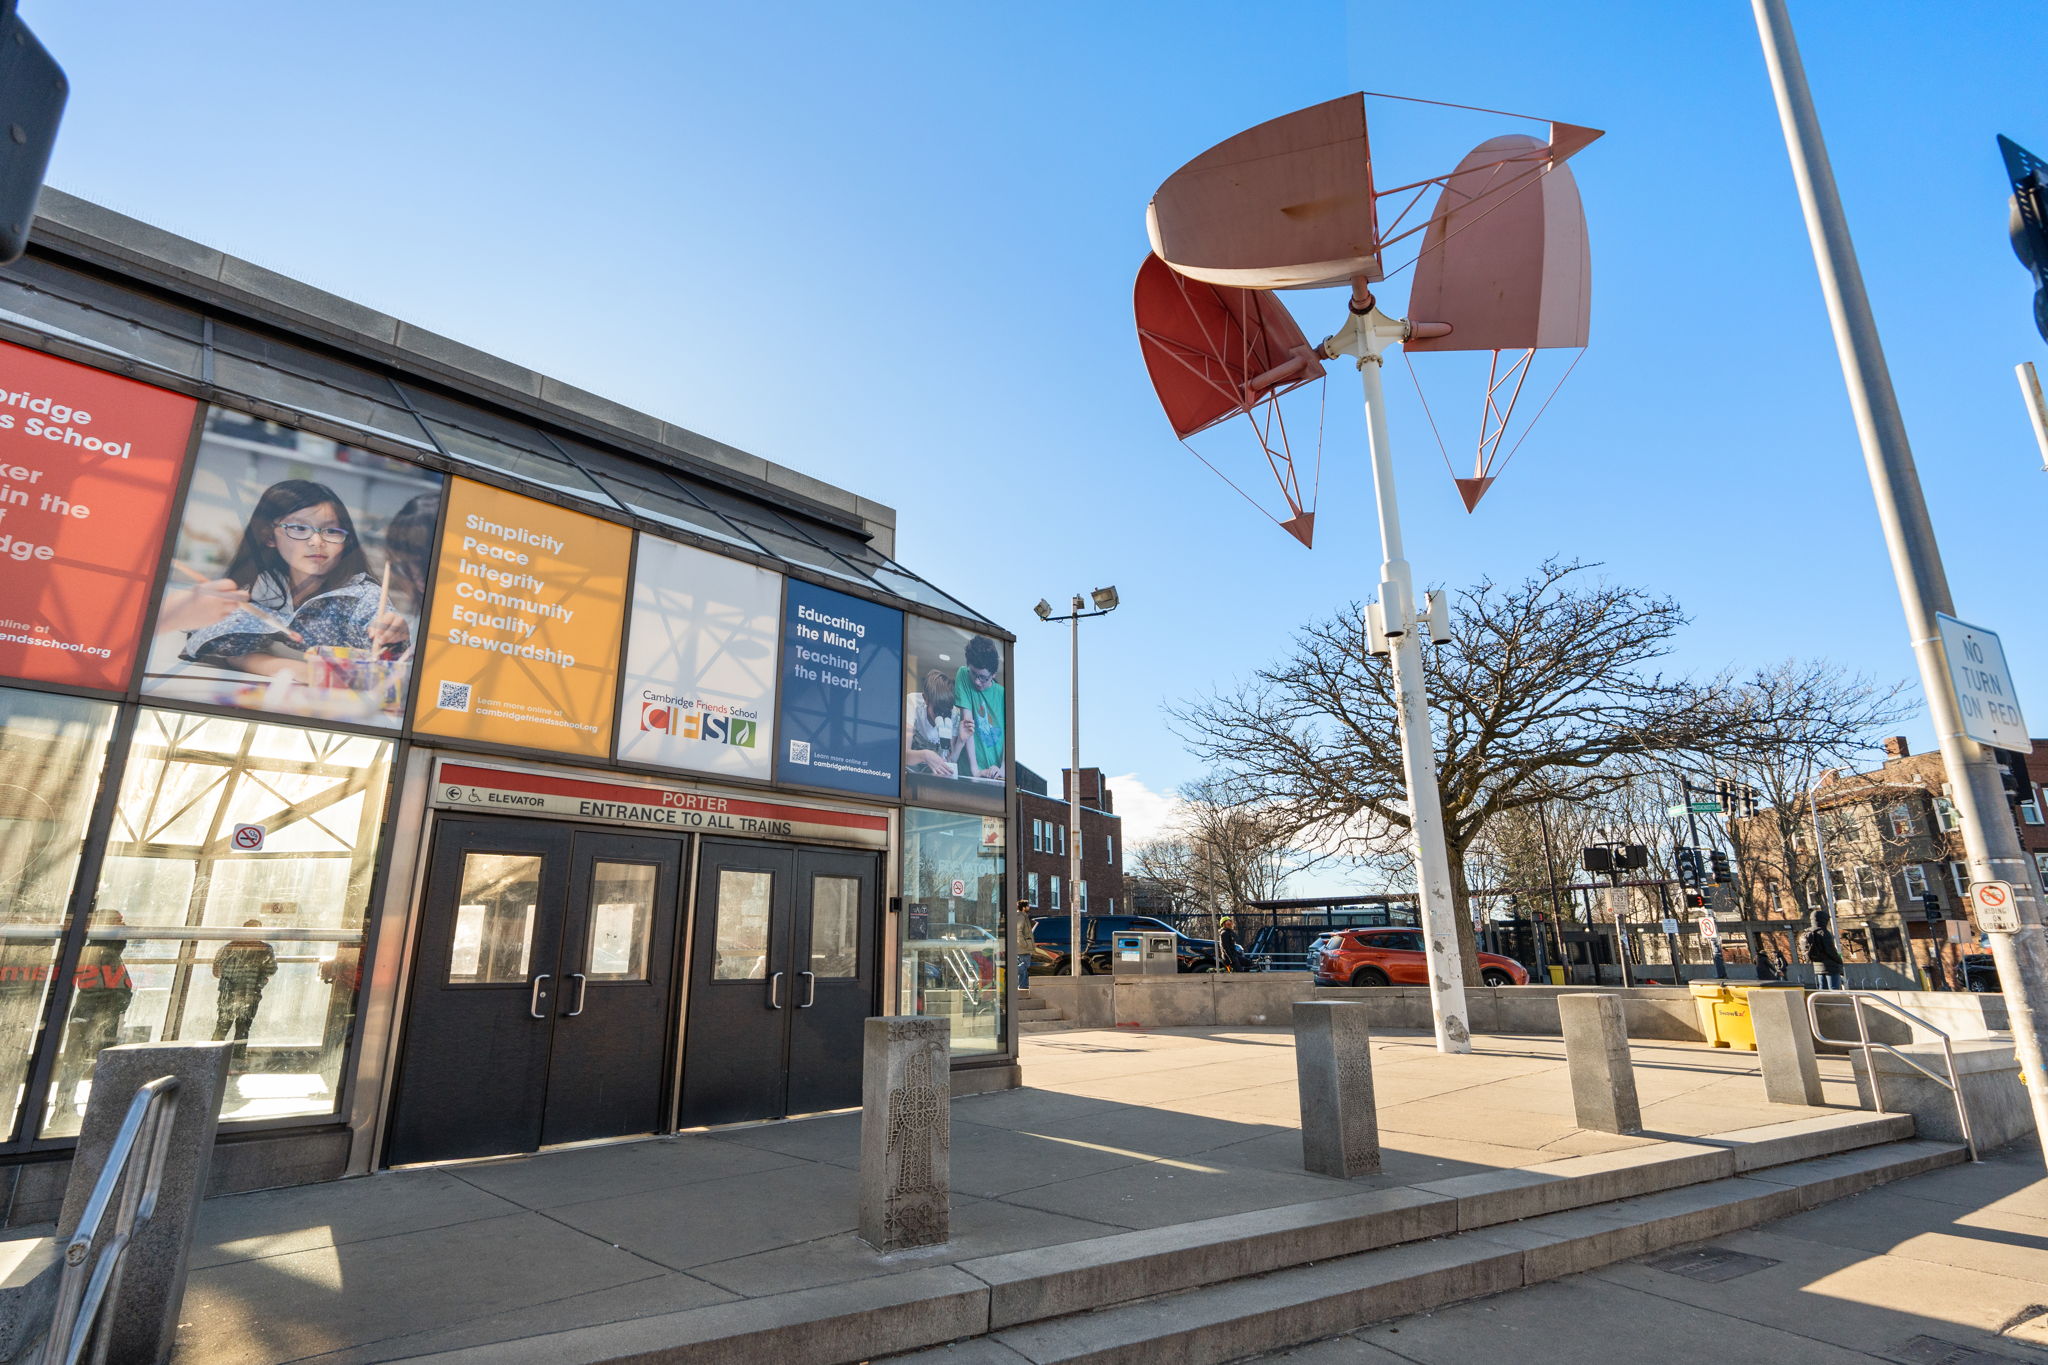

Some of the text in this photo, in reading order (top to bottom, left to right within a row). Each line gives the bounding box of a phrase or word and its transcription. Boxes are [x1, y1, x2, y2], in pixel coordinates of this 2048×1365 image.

[24, 417, 132, 459] School
[0, 484, 91, 519] in the
[465, 513, 564, 555] Simplicity
[463, 536, 529, 565] Peace
[459, 558, 545, 594] Integrity
[455, 582, 574, 624] Community
[34, 625, 50, 634] at
[452, 604, 537, 639] Equality
[798, 605, 865, 638] Educating
[0, 632, 112, 659] endsschool.org
[448, 628, 575, 668] Stewardship
[796, 623, 860, 654] the Mind,
[1962, 639, 1984, 665] NO
[795, 644, 858, 675] Teaching
[794, 664, 862, 692] the Heart.
[1961, 666, 2003, 697] TURN
[477, 696, 564, 718] Learn more online at
[643, 690, 758, 720] Cambridge Friends School
[1962, 693, 2019, 728] ON RED
[475, 707, 599, 734] cambridgefriendsschool.org
[813, 752, 830, 760] Learn
[845, 758, 862, 766] online
[813, 760, 892, 780] cambridgefriendsschool.org
[488, 793, 545, 807] ELEVATOR
[662, 791, 728, 812] PORTER
[579, 801, 792, 836] ENTRANCE TO ALL TRAINS
[1983, 907, 2007, 915] RIDING

======

*Work instructions:* In your copy of the entries above, leave out the pictures and keep every word exact.

*Answer for the task:*
Some of the text in this photo, in reading order (top to bottom, left to right within a row). Each line gives the bounding box of a phrase or word and its transcription. Boxes are [x1, y1, x2, y2], in pixel coordinates of this 2048×1365 image.

[24, 417, 132, 459] School
[0, 484, 91, 519] in the
[465, 513, 564, 555] Simplicity
[463, 536, 529, 565] Peace
[459, 558, 545, 594] Integrity
[455, 582, 574, 624] Community
[34, 625, 50, 634] at
[452, 604, 537, 639] Equality
[798, 605, 865, 638] Educating
[0, 632, 112, 659] endsschool.org
[448, 628, 575, 668] Stewardship
[796, 623, 860, 654] the Mind,
[1962, 639, 1984, 665] NO
[795, 644, 858, 675] Teaching
[794, 664, 862, 692] the Heart.
[1961, 666, 2003, 697] TURN
[477, 696, 564, 718] Learn more online at
[643, 690, 758, 720] Cambridge Friends School
[1962, 693, 2019, 728] ON RED
[475, 707, 599, 734] cambridgefriendsschool.org
[813, 752, 830, 760] Learn
[845, 758, 862, 766] online
[813, 760, 892, 780] cambridgefriendsschool.org
[488, 793, 545, 807] ELEVATOR
[662, 791, 728, 812] PORTER
[579, 801, 792, 836] ENTRANCE TO ALL TRAINS
[1983, 907, 2007, 915] RIDING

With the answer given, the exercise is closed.